<<<<

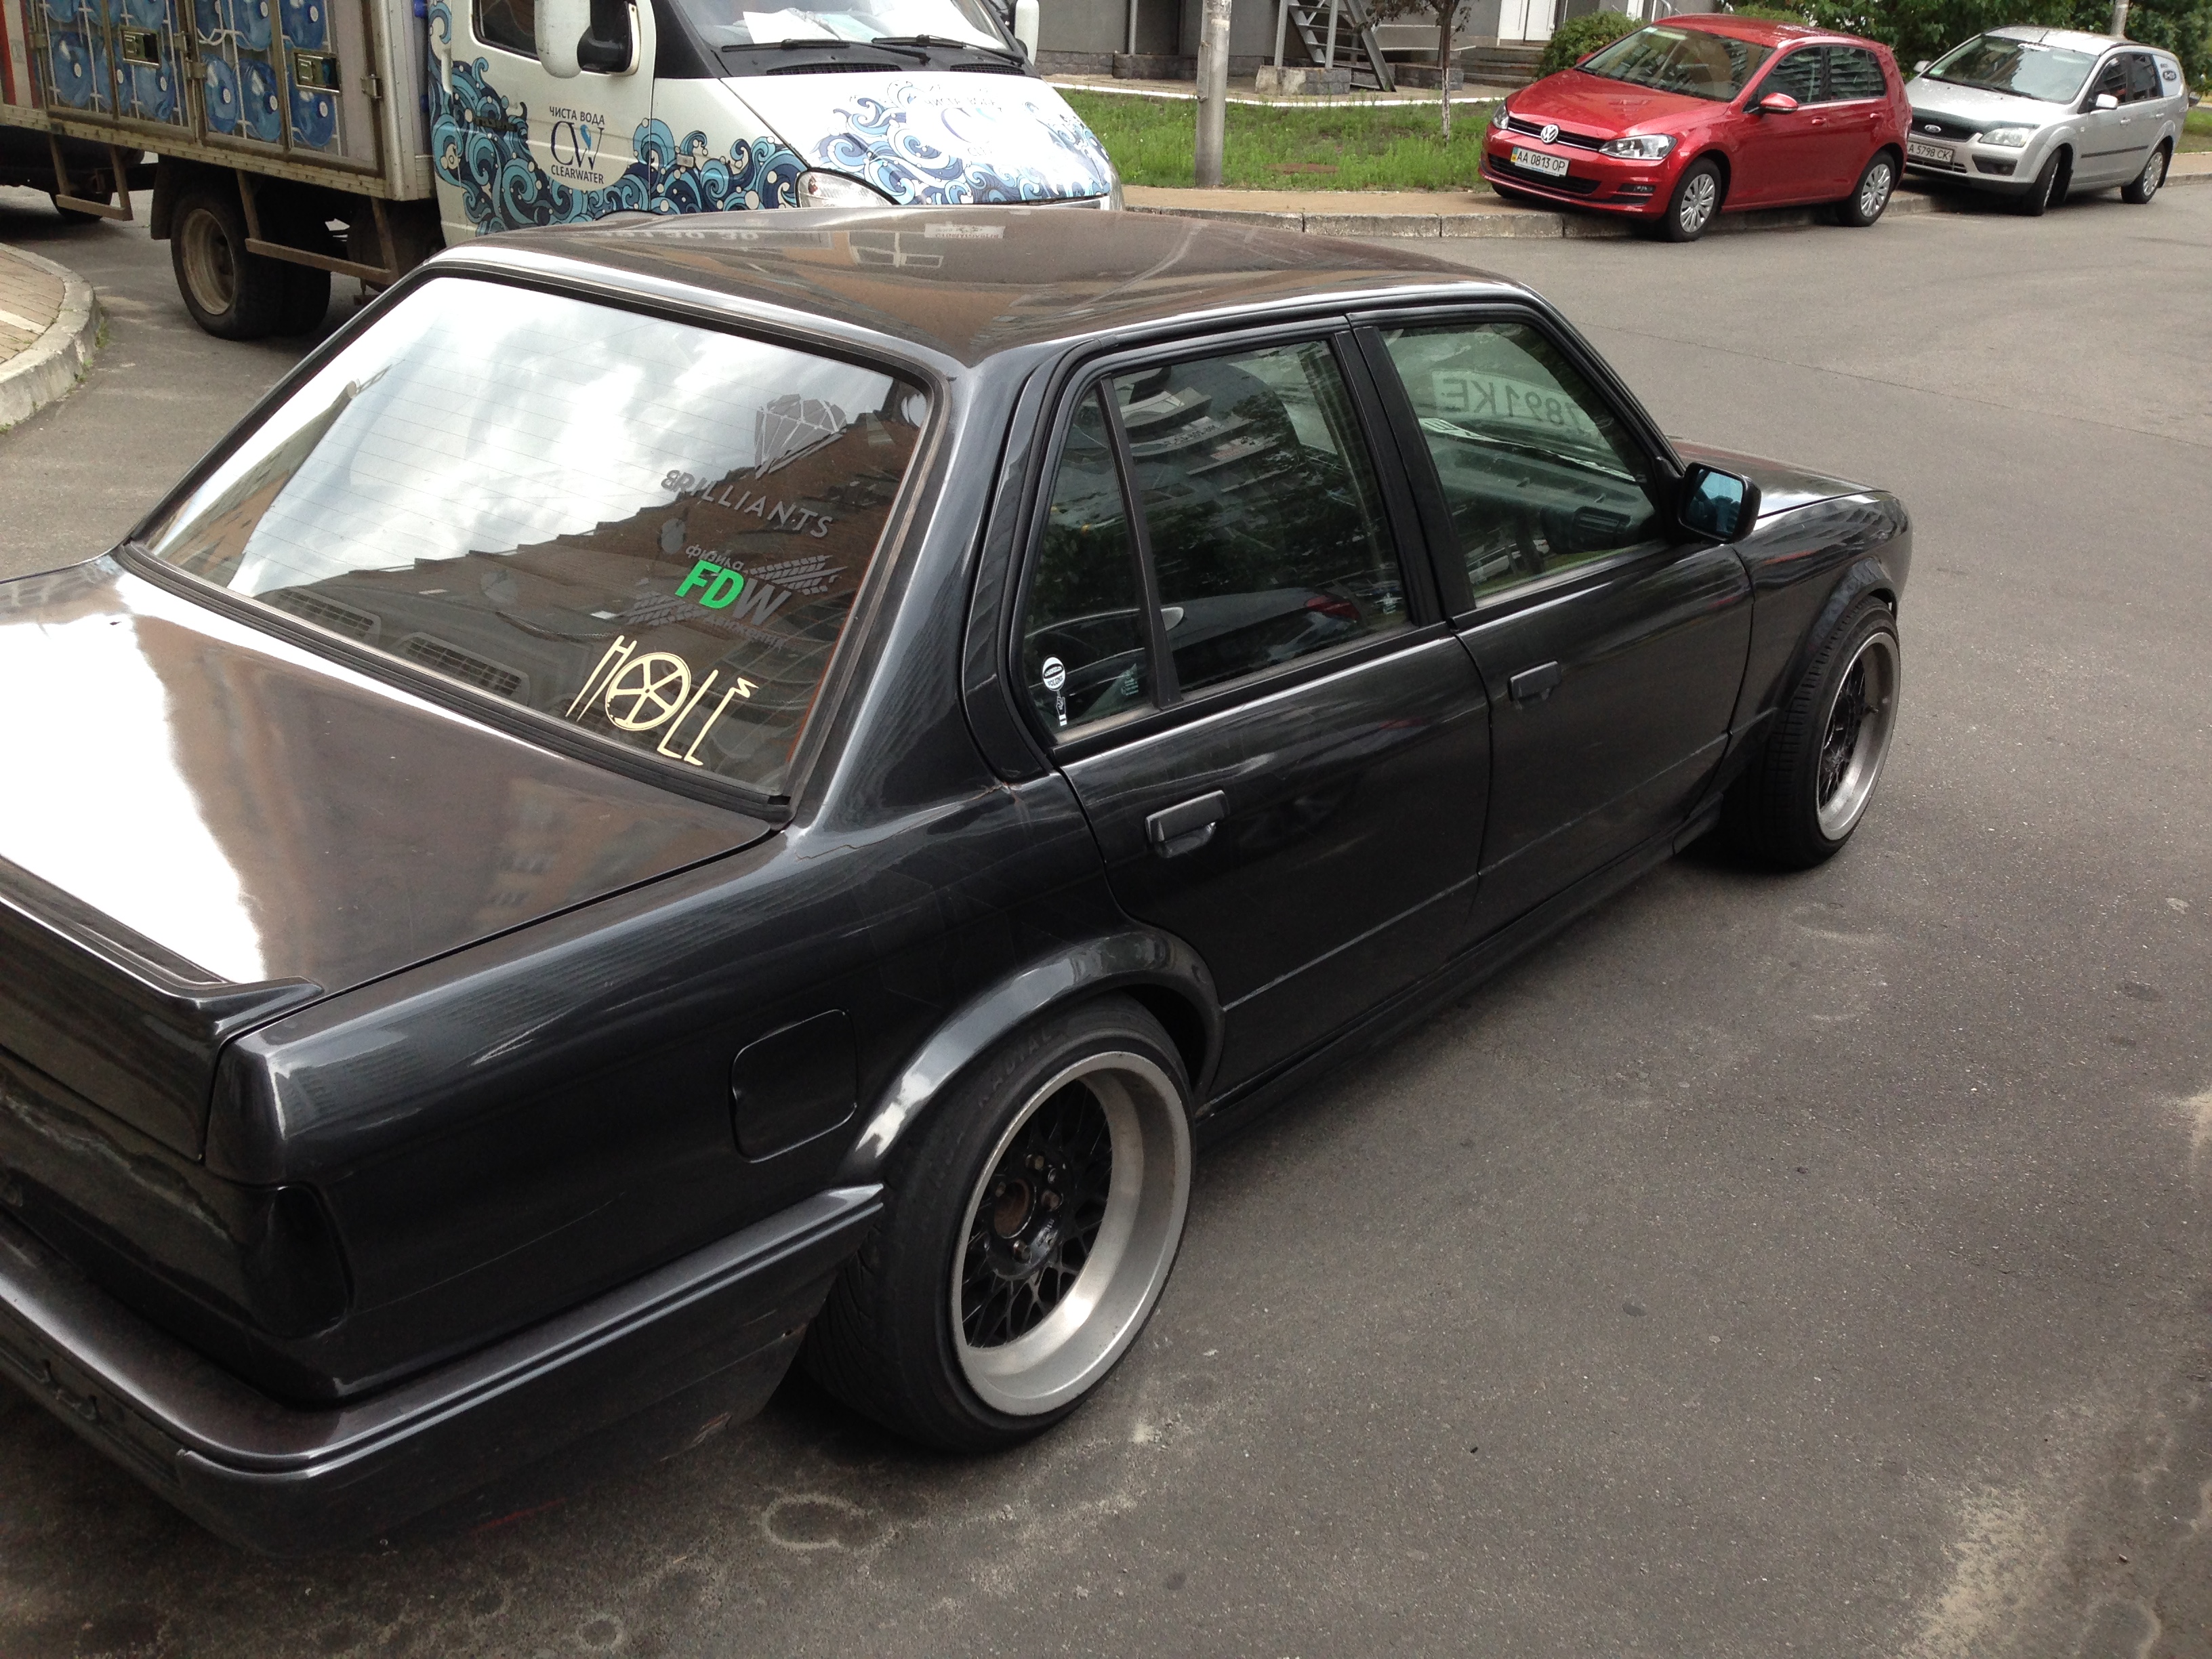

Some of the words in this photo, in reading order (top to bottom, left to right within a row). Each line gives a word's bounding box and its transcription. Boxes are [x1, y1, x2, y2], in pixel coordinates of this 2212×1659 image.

[549, 106, 577, 120] ЧИСТА
[580, 111, 605, 125] ВОДА
[1517, 150, 1528, 163] AA
[1531, 154, 1551, 169] 0813
[1552, 159, 1565, 171] OP
[1917, 145, 1936, 157] 5798
[1938, 150, 1950, 160] CK
[551, 164, 605, 184] CLEARWATER
[660, 469, 834, 538] BRILLIANTS
[674, 559, 792, 626] FDW
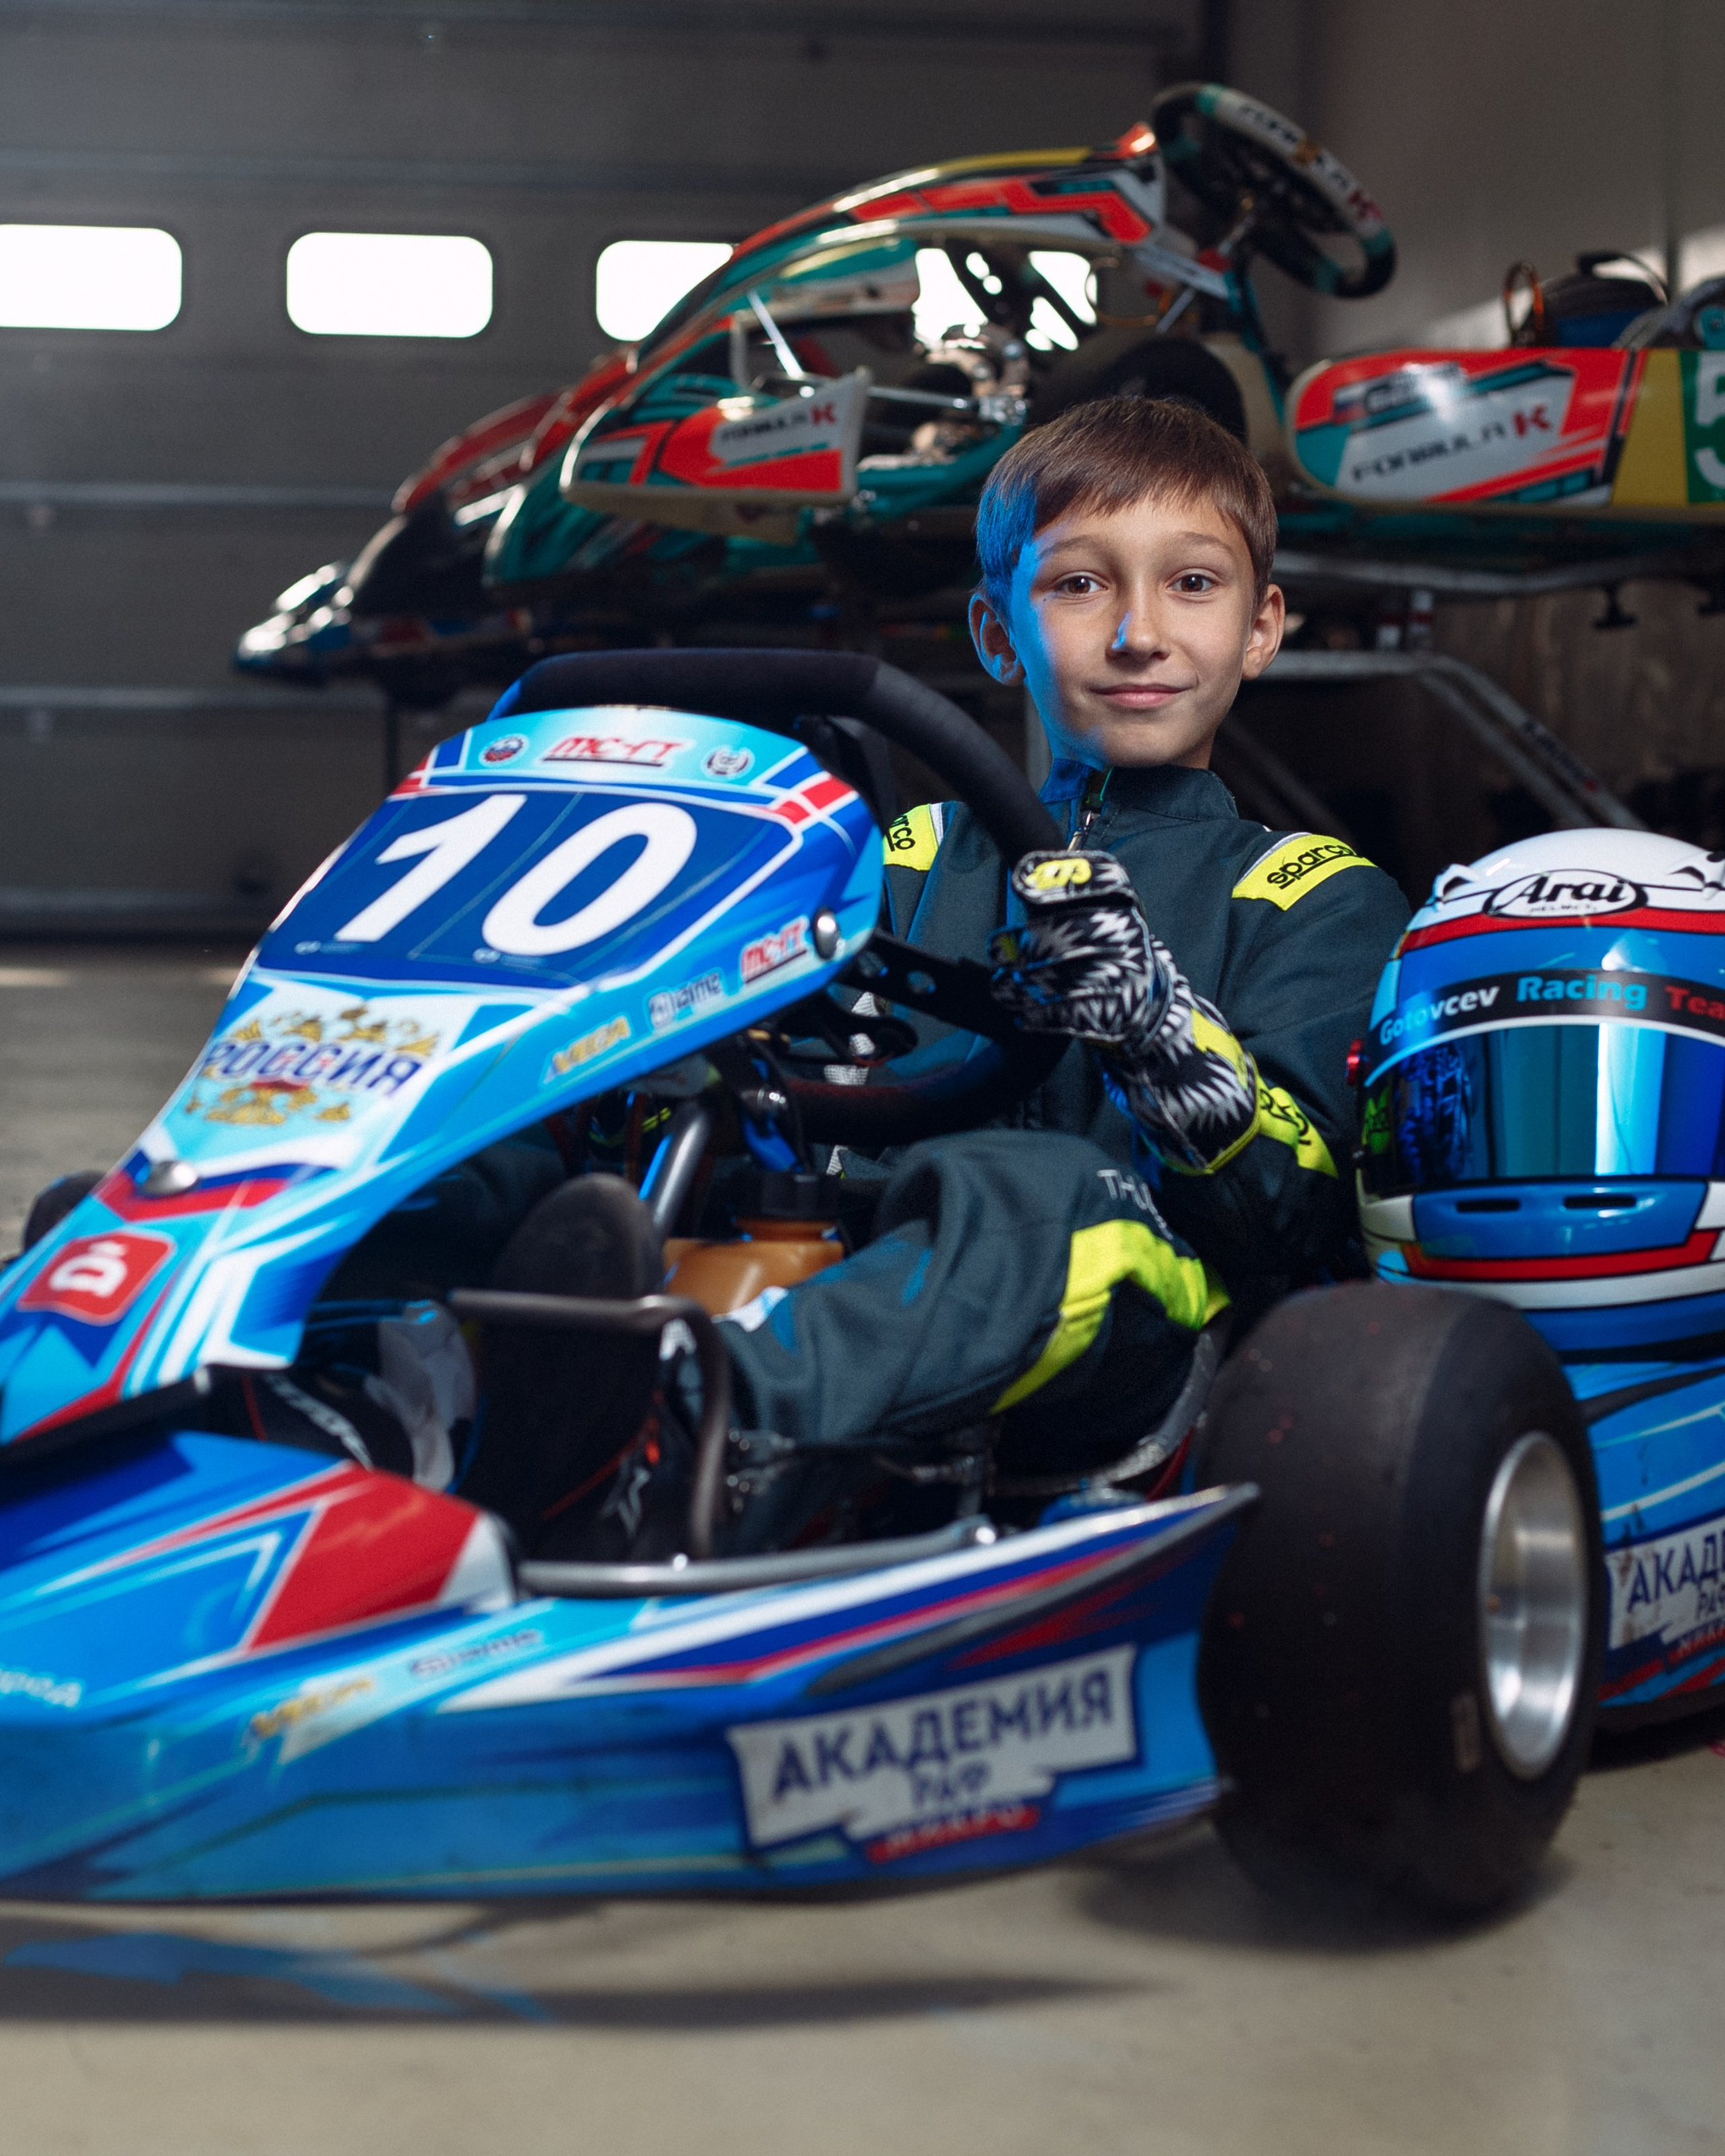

>>>>

Leaving the images out, retype all the material above exactly.

> Written answer
Some of the words in this photo, in reading order (top to bottom, left to right within a row). Each line gives a word's bounding box and its transcription. Boxes are [x1, y1, x2, y2], in pixel coordinates of this 2212×1659 image.

[549, 106, 577, 120] ЧИСТА
[580, 111, 605, 125] ВОДА
[1517, 150, 1528, 163] AA
[1531, 154, 1551, 169] 0813
[1552, 159, 1565, 171] OP
[1917, 145, 1936, 157] 5798
[1938, 150, 1950, 160] CK
[551, 164, 605, 184] CLEARWATER
[660, 469, 834, 538] BRILLIANTS
[674, 559, 792, 626] FDW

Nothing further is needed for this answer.